Please set down each record exactly as it appears, but leave out any pictures.

Collected data
◆ ◆ ◆ ◆ ◆ ◆ ◆

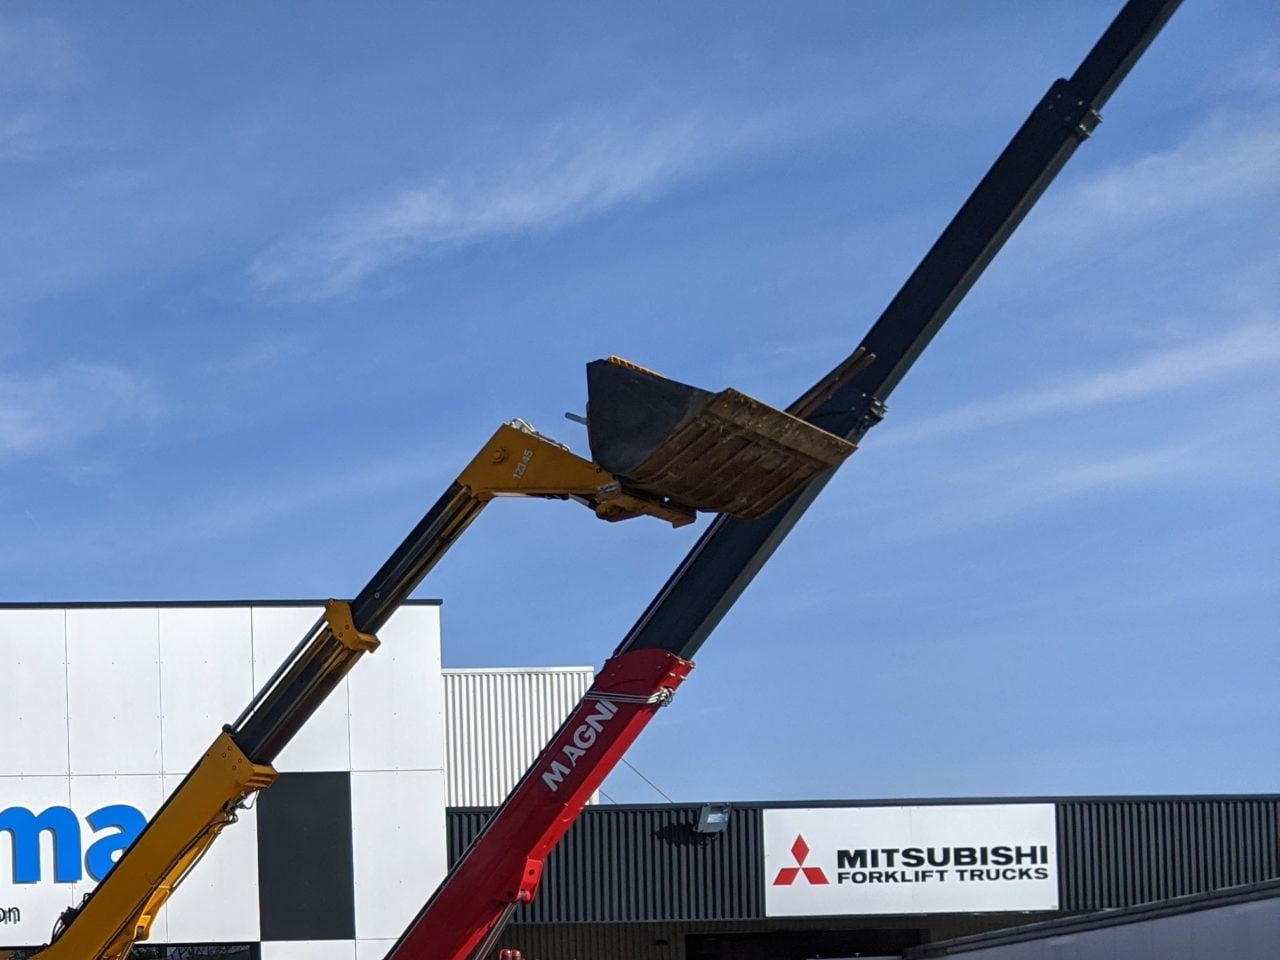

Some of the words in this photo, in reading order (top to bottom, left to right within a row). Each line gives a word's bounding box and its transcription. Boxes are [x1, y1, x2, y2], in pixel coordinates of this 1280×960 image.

[542, 699, 619, 792] MAGNI
[837, 845, 1048, 868] MITSUBISHI
[837, 869, 949, 885] FORKLIFT
[956, 867, 1049, 881] TRUCKS
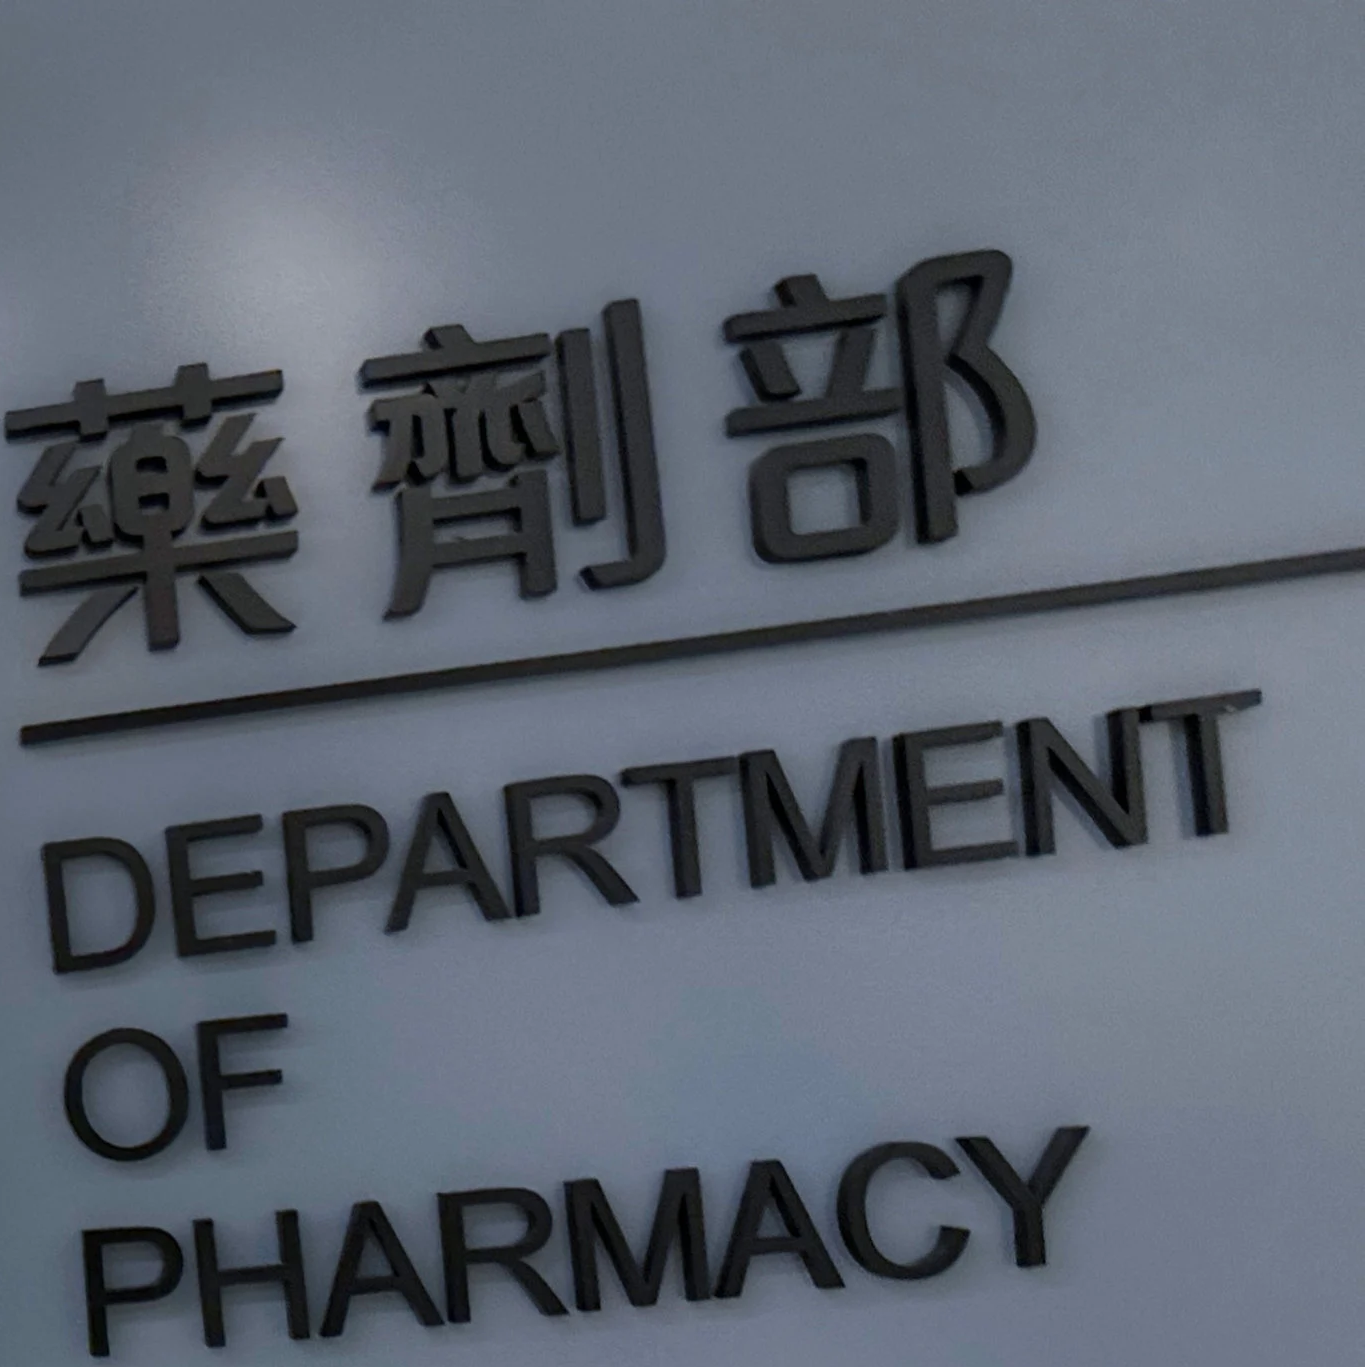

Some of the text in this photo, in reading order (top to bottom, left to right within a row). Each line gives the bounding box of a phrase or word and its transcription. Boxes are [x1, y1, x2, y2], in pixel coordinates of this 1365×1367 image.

[5, 247, 1038, 668] 藥劑部
[42, 688, 1263, 976] DEPARTMENT
[63, 1013, 288, 1163] OF
[81, 1125, 1090, 1360] PHARMACY

◆ ◆ ◆ ◆ ◆ ◆ ◆

- **TASK RESULT**:
Some of the words in this photo, in reading order (top to bottom, left to right within a row). Each line gives a word's bounding box and its transcription. Boxes are [x1, y1, x2, y2], in pixel coordinates of this 1280×960 image.

[542, 699, 619, 792] MAGNI
[837, 845, 1048, 868] MITSUBISHI
[837, 869, 949, 885] FORKLIFT
[956, 867, 1049, 881] TRUCKS

Some of the text in this photo, in reading order (top to bottom, left to right within a row). Each line gives the bounding box of a phrase or word and its transcription. Boxes are [x1, y1, x2, y2], in pixel coordinates of this 1365×1367 image.

[5, 247, 1038, 668] 藥劑部
[42, 688, 1263, 976] DEPARTMENT
[63, 1013, 288, 1163] OF
[81, 1125, 1090, 1360] PHARMACY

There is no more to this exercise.